START Input

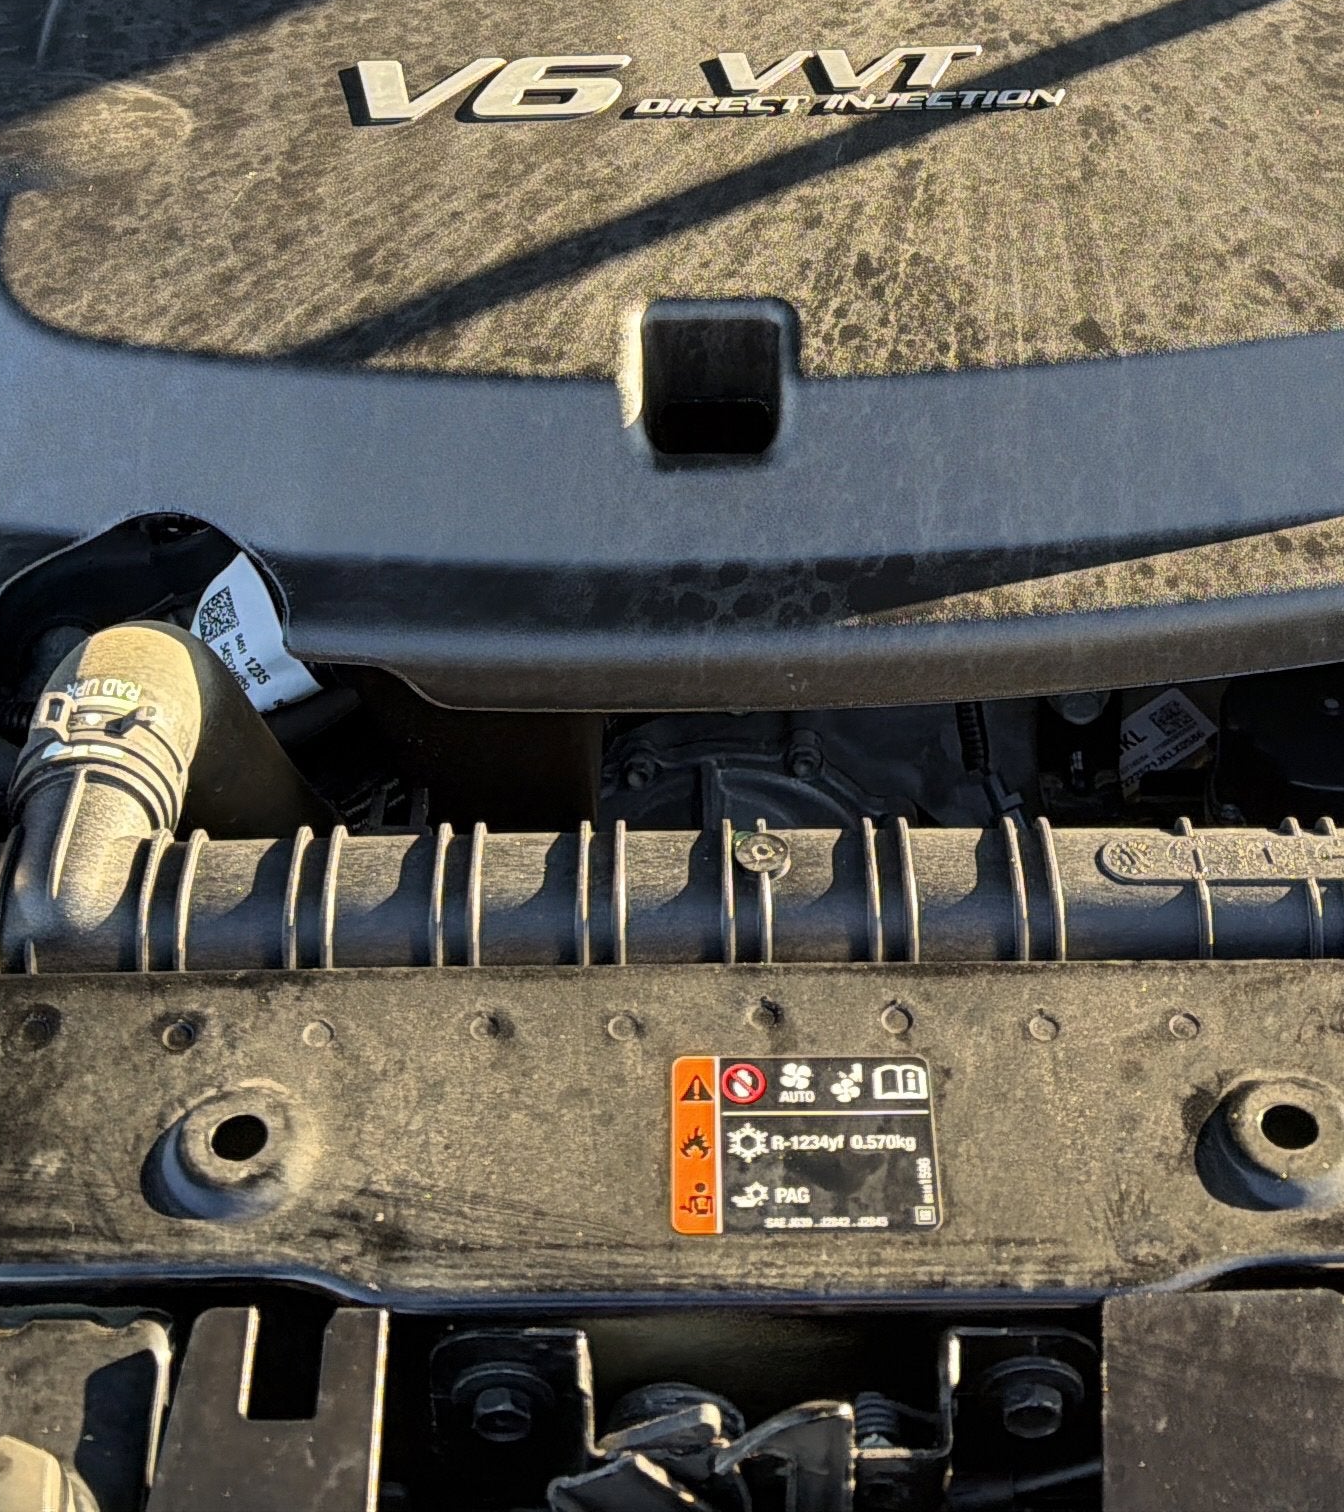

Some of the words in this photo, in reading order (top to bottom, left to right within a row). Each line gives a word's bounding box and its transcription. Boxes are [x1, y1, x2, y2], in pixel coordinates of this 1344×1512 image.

[716, 43, 984, 92] VVT
[354, 53, 633, 122] V6
[632, 93, 813, 117] DIRECT
[822, 87, 1066, 112] INJECTION
[244, 656, 272, 685] 1235
[102, 678, 143, 702] RAD
[778, 1090, 816, 1103] AUTO
[770, 1134, 845, 1152] R-1234yf
[849, 1134, 917, 1152] 0.570kg
[774, 1186, 811, 1204] PAG

END Input

## About this exercise
Copy out the preceding entries without a single change, leaving out the pictures.

## Output for this task
Some of the words in this photo, in reading order (top to bottom, left to right within a row). Each line gives a word's bounding box and its transcription. Boxes are [x1, y1, x2, y2], in pixel coordinates of this 1344×1512 image.

[716, 43, 984, 92] VVT
[354, 53, 633, 122] V6
[632, 93, 813, 117] DIRECT
[822, 87, 1066, 112] INJECTION
[244, 656, 272, 685] 1235
[102, 678, 143, 702] RAD
[778, 1090, 816, 1103] AUTO
[770, 1134, 845, 1152] R-1234yf
[849, 1134, 917, 1152] 0.570kg
[774, 1186, 811, 1204] PAG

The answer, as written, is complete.